> WORK TO BE COMPLETED: Copy the lines verbatim, beginning with the line that contains "this 1344×1512 image." and continuing through the end of the data, and only those lines.

> Collected data:
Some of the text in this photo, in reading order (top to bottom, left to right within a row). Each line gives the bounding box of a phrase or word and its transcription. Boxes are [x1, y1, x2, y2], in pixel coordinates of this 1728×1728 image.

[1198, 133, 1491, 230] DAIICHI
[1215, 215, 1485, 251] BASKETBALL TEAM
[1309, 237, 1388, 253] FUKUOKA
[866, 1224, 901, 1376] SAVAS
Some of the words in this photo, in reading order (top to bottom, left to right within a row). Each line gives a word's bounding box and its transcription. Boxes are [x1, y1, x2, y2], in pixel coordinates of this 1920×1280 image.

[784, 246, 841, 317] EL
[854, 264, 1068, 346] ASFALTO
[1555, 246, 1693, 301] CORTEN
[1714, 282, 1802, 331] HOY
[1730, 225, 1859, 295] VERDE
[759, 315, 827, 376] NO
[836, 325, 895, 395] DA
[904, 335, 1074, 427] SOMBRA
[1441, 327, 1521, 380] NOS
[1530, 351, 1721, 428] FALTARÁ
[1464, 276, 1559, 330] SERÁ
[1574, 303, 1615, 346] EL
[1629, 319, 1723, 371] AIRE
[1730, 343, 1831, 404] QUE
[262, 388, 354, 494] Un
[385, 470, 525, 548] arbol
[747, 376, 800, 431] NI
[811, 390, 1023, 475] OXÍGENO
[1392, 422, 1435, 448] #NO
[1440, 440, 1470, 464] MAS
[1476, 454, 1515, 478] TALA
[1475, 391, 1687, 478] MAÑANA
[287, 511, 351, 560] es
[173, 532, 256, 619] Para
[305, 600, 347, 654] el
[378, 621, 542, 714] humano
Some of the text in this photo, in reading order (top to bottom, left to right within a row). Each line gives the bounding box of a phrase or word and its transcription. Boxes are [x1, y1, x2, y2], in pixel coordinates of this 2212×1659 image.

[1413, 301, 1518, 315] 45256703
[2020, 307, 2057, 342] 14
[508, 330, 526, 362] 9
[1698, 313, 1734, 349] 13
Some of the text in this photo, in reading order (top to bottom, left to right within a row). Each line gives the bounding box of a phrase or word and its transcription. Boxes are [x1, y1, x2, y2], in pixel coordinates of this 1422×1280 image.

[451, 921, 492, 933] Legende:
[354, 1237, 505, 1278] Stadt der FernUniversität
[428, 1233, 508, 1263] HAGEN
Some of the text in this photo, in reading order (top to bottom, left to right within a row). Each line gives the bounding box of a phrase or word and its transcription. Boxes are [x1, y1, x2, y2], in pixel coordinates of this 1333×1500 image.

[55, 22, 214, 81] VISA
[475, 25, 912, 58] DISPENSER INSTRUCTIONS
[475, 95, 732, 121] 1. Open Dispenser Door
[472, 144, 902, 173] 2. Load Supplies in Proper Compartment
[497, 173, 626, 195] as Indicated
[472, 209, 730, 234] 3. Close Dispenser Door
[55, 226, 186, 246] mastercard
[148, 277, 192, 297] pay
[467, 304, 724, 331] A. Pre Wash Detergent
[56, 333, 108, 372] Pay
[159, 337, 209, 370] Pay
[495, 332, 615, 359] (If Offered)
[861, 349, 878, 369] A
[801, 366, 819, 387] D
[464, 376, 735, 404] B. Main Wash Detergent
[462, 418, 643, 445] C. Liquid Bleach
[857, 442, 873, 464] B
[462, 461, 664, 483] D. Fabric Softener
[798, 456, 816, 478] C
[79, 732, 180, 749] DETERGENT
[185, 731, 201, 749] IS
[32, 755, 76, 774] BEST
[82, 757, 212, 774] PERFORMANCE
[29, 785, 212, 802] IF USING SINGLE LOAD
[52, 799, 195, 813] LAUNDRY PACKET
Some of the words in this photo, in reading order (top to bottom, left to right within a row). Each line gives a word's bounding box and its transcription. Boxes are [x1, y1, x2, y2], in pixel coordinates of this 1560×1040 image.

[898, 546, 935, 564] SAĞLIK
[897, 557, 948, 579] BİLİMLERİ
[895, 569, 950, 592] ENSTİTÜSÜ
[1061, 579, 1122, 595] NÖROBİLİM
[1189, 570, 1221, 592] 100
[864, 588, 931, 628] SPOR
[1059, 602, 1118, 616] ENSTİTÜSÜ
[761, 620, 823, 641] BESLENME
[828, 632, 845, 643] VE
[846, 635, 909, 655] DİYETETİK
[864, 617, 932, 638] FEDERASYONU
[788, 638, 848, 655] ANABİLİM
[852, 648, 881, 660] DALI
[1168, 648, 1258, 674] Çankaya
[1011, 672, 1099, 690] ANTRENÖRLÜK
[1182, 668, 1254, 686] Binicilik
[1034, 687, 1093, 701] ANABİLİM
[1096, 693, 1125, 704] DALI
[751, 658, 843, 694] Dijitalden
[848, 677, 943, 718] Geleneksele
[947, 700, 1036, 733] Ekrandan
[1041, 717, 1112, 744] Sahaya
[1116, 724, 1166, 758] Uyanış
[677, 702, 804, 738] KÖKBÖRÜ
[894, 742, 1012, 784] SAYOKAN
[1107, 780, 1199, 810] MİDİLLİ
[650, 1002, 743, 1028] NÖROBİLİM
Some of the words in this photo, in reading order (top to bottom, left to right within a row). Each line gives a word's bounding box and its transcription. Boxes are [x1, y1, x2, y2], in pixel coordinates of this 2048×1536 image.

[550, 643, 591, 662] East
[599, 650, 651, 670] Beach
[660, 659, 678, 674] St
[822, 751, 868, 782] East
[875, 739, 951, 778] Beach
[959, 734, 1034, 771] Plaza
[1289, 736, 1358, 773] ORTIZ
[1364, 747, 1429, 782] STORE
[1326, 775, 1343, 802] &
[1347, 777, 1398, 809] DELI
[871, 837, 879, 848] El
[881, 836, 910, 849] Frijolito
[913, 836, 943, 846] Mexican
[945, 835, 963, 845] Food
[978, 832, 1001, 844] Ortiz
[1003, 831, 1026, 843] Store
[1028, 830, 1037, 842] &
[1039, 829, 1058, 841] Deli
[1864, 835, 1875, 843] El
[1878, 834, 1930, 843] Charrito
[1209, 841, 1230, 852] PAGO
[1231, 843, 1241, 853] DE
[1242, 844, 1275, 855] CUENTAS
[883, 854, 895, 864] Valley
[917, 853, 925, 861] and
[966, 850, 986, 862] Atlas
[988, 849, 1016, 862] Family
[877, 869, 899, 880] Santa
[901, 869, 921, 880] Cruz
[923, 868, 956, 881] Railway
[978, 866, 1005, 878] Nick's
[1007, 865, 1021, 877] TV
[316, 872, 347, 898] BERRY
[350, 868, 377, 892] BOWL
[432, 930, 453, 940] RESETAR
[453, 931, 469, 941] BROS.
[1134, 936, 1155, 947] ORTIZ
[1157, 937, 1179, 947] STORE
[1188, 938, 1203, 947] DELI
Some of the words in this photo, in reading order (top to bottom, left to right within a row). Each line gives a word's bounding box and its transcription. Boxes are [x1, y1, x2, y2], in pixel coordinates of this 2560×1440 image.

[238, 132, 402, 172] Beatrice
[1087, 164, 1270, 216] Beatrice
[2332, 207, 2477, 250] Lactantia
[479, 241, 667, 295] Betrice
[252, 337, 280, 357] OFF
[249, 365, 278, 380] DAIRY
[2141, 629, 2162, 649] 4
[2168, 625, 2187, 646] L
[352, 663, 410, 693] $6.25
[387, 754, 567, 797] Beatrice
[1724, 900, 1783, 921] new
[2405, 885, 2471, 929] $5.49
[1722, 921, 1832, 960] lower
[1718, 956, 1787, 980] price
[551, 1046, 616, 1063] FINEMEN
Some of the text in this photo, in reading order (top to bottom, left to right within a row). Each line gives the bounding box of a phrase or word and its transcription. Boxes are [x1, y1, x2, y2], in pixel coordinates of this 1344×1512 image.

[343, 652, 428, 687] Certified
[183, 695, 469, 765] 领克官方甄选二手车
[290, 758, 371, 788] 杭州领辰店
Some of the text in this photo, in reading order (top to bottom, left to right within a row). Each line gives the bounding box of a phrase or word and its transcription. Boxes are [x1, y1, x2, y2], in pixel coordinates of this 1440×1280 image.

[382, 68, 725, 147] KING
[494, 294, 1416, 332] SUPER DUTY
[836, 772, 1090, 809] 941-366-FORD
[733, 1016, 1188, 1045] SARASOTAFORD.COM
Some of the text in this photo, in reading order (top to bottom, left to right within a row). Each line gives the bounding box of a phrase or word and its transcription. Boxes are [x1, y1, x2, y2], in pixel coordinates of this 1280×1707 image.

> ANSWER TO THIS EXERCISE:
Some of the text in this photo, in reading order (top to bottom, left to right within a row). Each line gives the bounding box of a phrase or word and its transcription. Boxes are [x1, y1, x2, y2], in pixel coordinates of this 1344×1512 image.

[343, 652, 428, 687] Certified
[183, 695, 469, 765] 领克官方甄选二手车
[290, 758, 371, 788] 杭州领辰店
Some of the text in this photo, in reading order (top to bottom, left to right within a row). Each line gives the bounding box of a phrase or word and its transcription. Boxes are [x1, y1, x2, y2], in pixel coordinates of this 1440×1280 image.

[382, 68, 725, 147] KING
[494, 294, 1416, 332] SUPER DUTY
[836, 772, 1090, 809] 941-366-FORD
[733, 1016, 1188, 1045] SARASOTAFORD.COM
Some of the text in this photo, in reading order (top to bottom, left to right within a row). Each line gives the bounding box of a phrase or word and its transcription. Boxes are [x1, y1, x2, y2], in pixel coordinates of this 1280×1707 image.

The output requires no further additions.